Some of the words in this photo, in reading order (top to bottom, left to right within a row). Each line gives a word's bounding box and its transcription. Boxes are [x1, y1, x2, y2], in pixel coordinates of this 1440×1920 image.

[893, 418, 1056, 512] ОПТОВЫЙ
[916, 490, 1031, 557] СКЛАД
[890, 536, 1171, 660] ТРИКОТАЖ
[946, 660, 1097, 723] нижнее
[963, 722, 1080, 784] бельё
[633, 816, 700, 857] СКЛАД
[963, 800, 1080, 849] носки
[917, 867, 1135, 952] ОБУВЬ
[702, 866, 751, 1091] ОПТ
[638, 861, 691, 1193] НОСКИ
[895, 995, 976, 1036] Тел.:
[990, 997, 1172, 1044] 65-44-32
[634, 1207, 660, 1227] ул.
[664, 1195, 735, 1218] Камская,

_Problem requirements:_ Would you set down every record again, exactly as it appears above?

_Task response:_
Some of the words in this photo, in reading order (top to bottom, left to right within a row). Each line gives a word's bounding box and its transcription. Boxes are [x1, y1, x2, y2], in pixel coordinates of this 1440×1920 image.

[893, 418, 1056, 512] ОПТОВЫЙ
[916, 490, 1031, 557] СКЛАД
[890, 536, 1171, 660] ТРИКОТАЖ
[946, 660, 1097, 723] нижнее
[963, 722, 1080, 784] бельё
[633, 816, 700, 857] СКЛАД
[963, 800, 1080, 849] носки
[917, 867, 1135, 952] ОБУВЬ
[702, 866, 751, 1091] ОПТ
[638, 861, 691, 1193] НОСКИ
[895, 995, 976, 1036] Тел.:
[990, 997, 1172, 1044] 65-44-32
[634, 1207, 660, 1227] ул.
[664, 1195, 735, 1218] Камская,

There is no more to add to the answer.